La lettre renfermait encore un instantané qui semblait avoir été rédigé par le Diable Boiteux ou l’Ange du Bizarre, le Roi Midas ou le Roi Freiligrath, la Reine Baba ou le Pape des Papous. Il comparait la Duchesse de Rohan à... Virgile, et ajoutait qu’elle s’était fait «une âme à la Pierre Loti». Vraiment, il y avait ça... qui se compliquait encore.
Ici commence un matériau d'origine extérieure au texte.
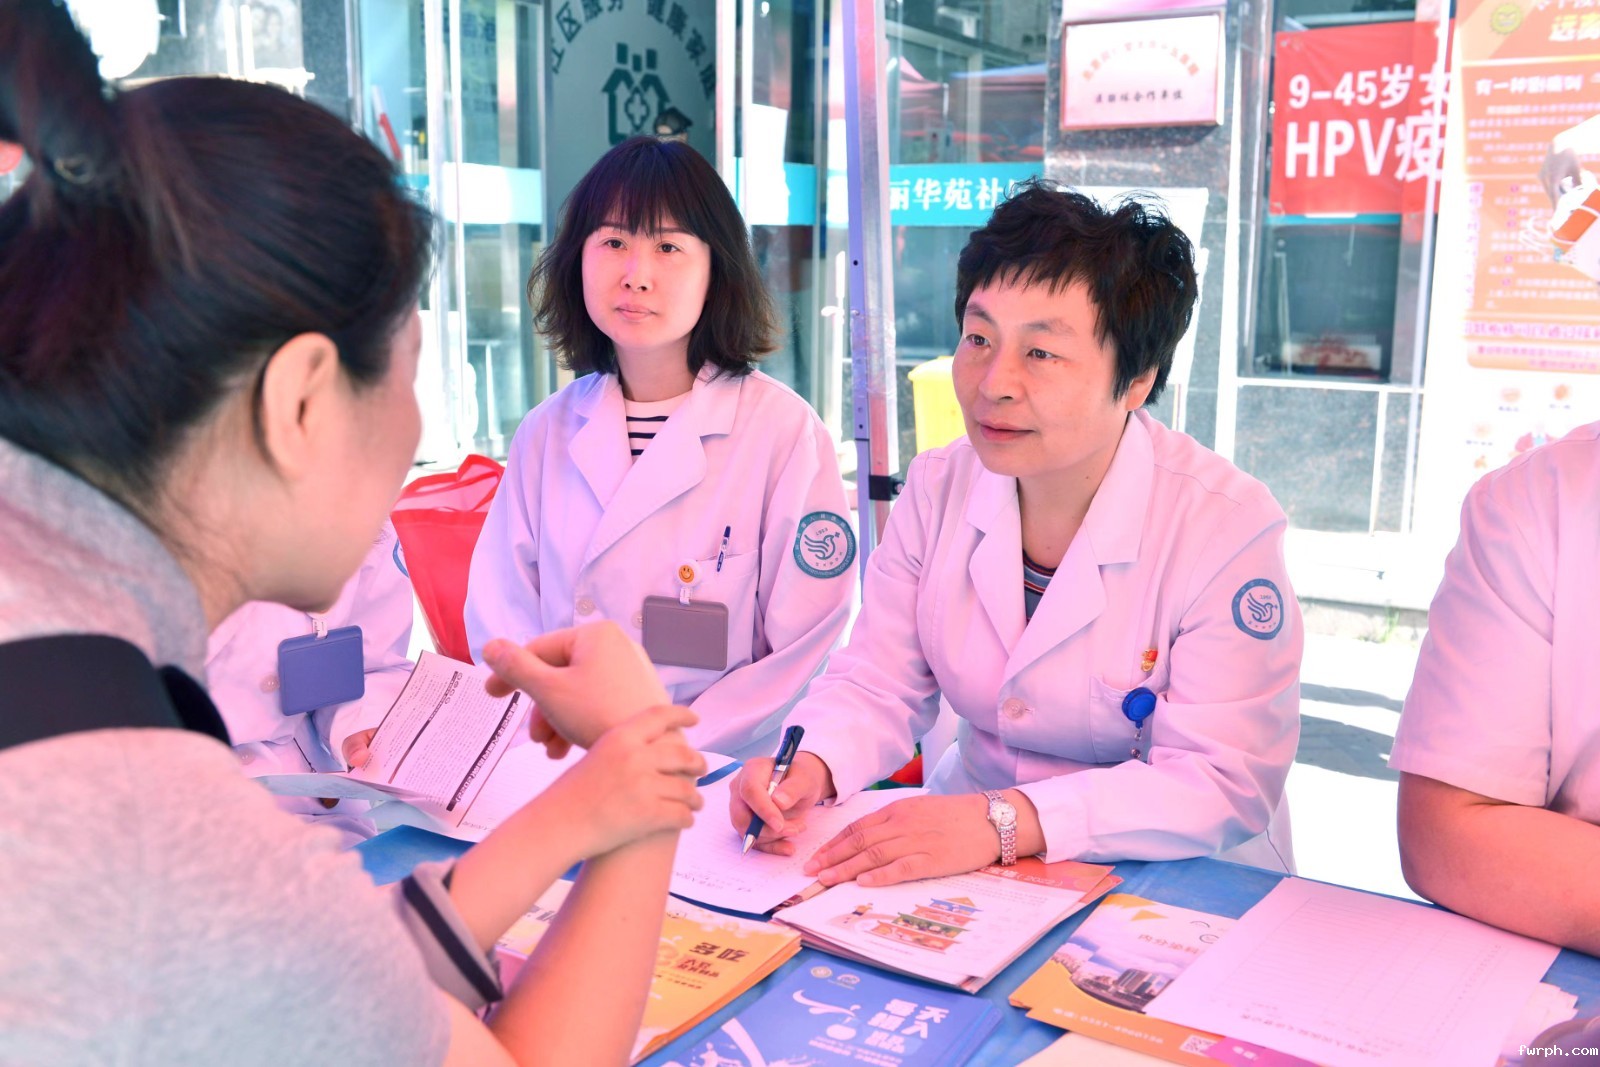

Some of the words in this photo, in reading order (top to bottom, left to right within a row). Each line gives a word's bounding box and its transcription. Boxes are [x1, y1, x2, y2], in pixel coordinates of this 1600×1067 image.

[889, 177, 1017, 211] 丽华苑社
[688, 941, 749, 962] 多吃
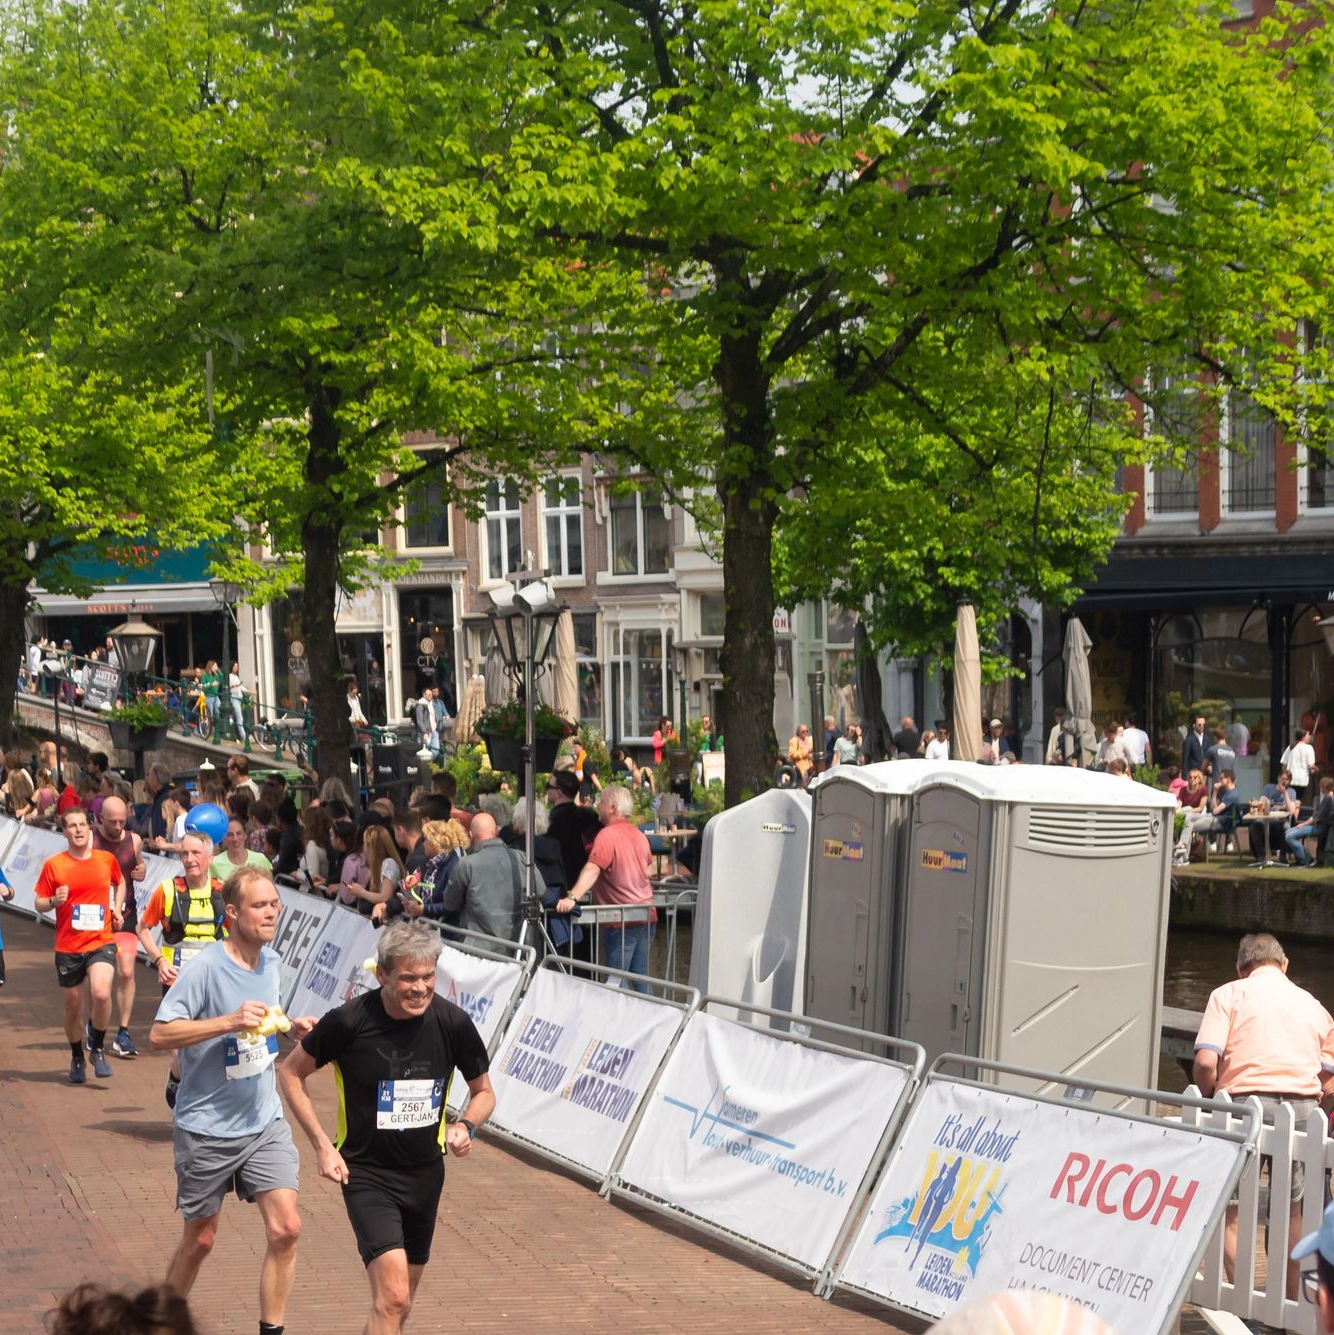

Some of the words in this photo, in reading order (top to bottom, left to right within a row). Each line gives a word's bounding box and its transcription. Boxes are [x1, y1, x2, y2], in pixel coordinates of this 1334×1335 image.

L’Aïeule se trouvait avoir certain petit-fils («cet âge est sans pitié») évidemment le plus terrible des enfants terribles, puisqu’il couronnait de roses sa bonne-maman, fleurs sans doute empoisonnées, car à peine en était-elle ceinte que grand’mère se mettait à dégoiser du Musset, dans le parc, pour donner la réplique à son gendre, qui se trouvait être le «parrain de Max Dearly». Il y avait encore ça. Qu’est-ce que Jérôme Bosch aurait pu inventer de plus, le peintre des cauchemars?...

Visions terrifiantes, que couronnait, à son tour, un regret à l’adresse de Mam’zelle Vacaresco, seule jugée capable de supporter sans broncher un pareil spectacle. On s’en doutait un peu.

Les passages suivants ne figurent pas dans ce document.